GitHub - tongxuluo/gamecraft-bench: Code and Data for paper "GameCraft-Bench: Can Agents Build Playable Games End-to-End in a Real Game Engine?"

GameCraft-Bench: Can Agents Build Playable Games End-to-End in a Real Game Engine?

GameCraft-Bench evaluates whether coding agents can transform natural-language game specifications into complete, playable Godot projects. Unlike traditional coding tasks, game generation depends on scripts, scenes, assets, rendering, runtime configuration, and player-game interaction working together as one executable system.

The benchmark contains 140 tasks across 15 game families. Each agent must submit a complete Godot project together with replayable demonstration traces. The verifier launches the project, replays the traces, records gameplay evidence, and scores observed play with a hidden rubric and multimodal judge.

The benchmark runs on top of Harbor and ships with a custom local-subprocess environment for Docker-less hosts.

Benchmark overview

GameCraft-Bench is organized around three desiderata for end-to-end game generation:

Engine Grounding: games are generated and evaluated inside a concrete game engine and runtime environment.
Artifact Completeness: agents must deliver complete launchable game projects rather than isolated scripts, scenes, or assets.
Interactive Verification: games are judged by observed behavior under player input, using replayed demonstrations as standardized gameplay evidence.

The task suite covers diverse 2D game-generation demands, including continuous control and collision, rule and state management, progression and economy, exploration, narrative interaction, and presentation-heavy gameplay.

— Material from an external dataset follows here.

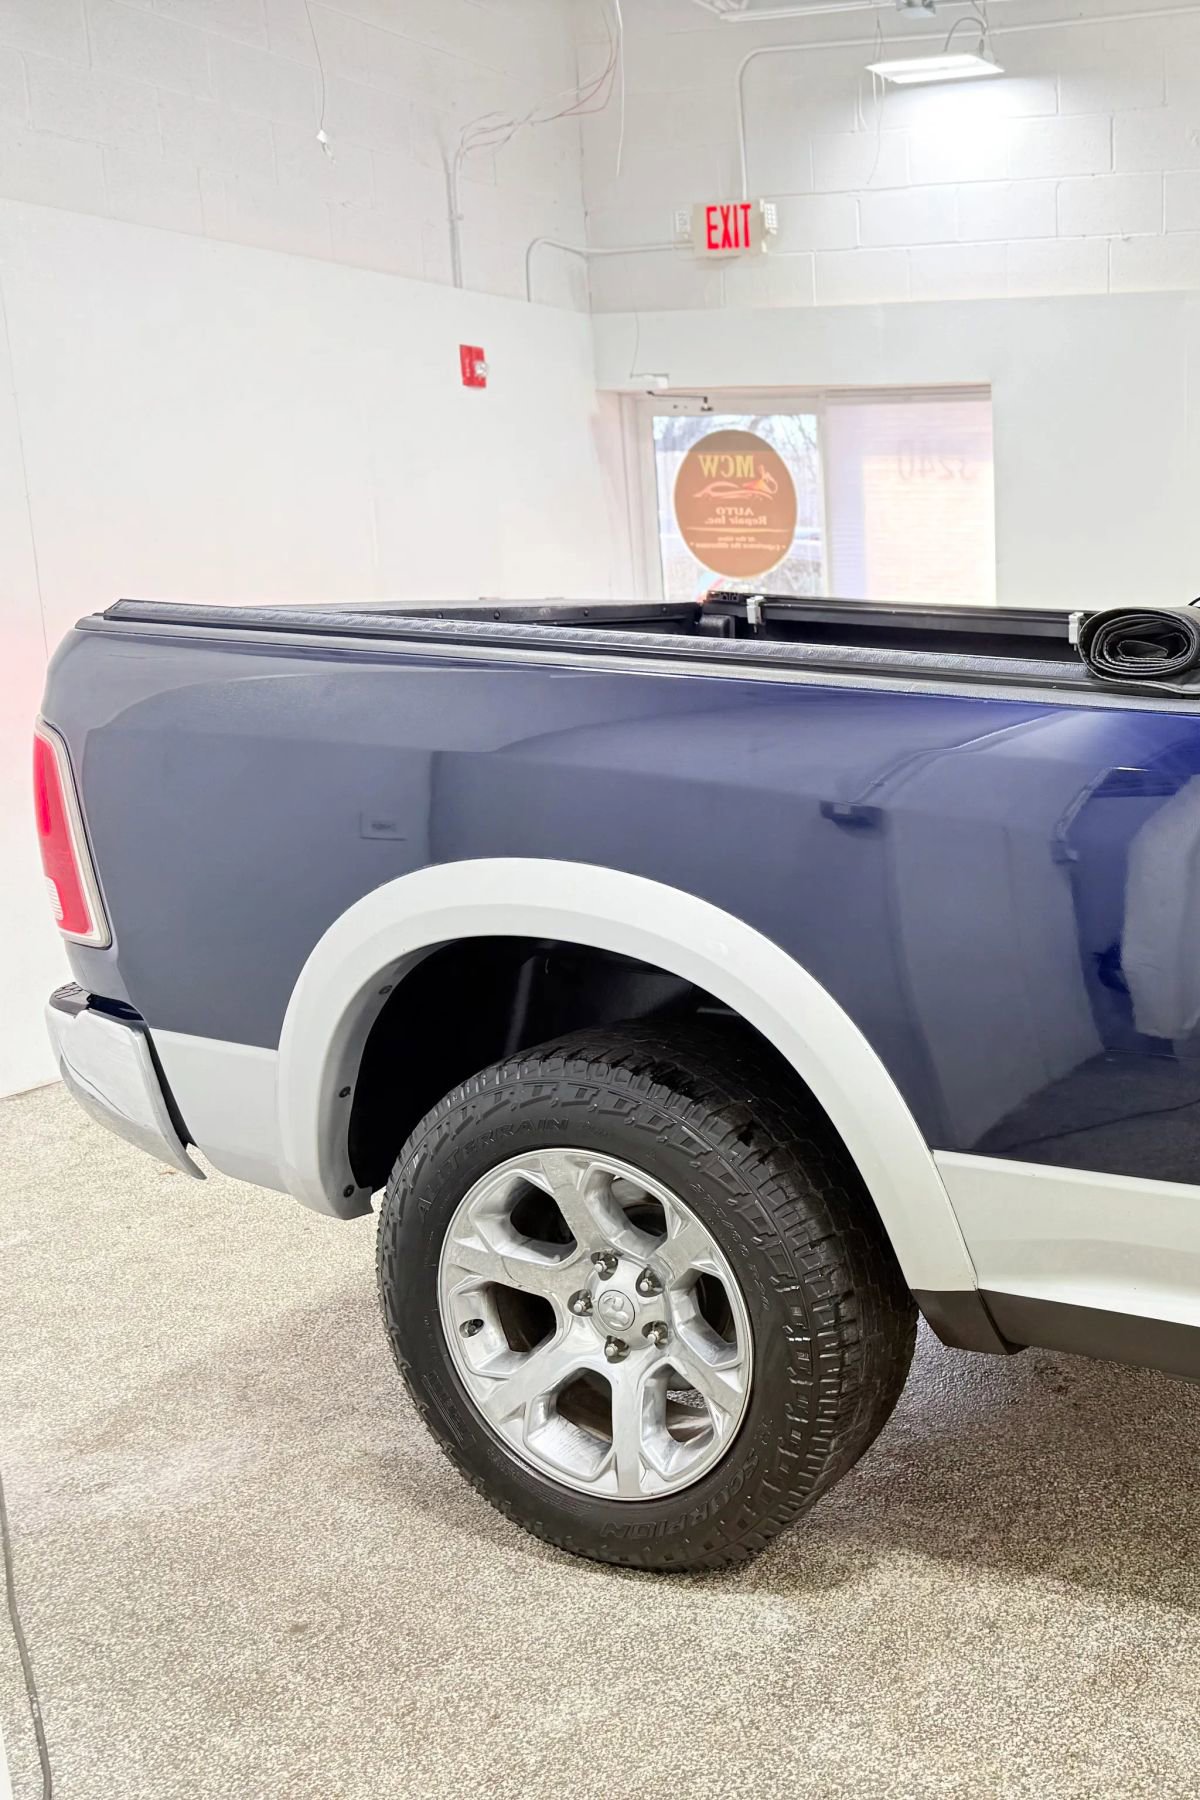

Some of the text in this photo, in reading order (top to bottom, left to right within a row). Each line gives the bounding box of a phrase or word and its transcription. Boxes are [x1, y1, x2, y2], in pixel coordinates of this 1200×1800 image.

[705, 203, 752, 250] EXIT
[444, 1117, 570, 1169] TERRAIN
[599, 1447, 761, 1541] SCORPION

Family	Tasks	Family	Tasks	Family	Tasks
Platformer	19	Strategy	17	Tycoon	16
Open-world	15	Roguelike	14	Visual novel	11
Puzzle	8	Shooter	7	Simulation	6
Card game	5	Horror	5	Rhythm	5
Idle	4	Racing	4	Sports	4

Main results

Frontier coding agents remain far from reliable end-to-end game generation. The strongest evaluated configuration reaches only 41.46% overall, and most agents score below 40%.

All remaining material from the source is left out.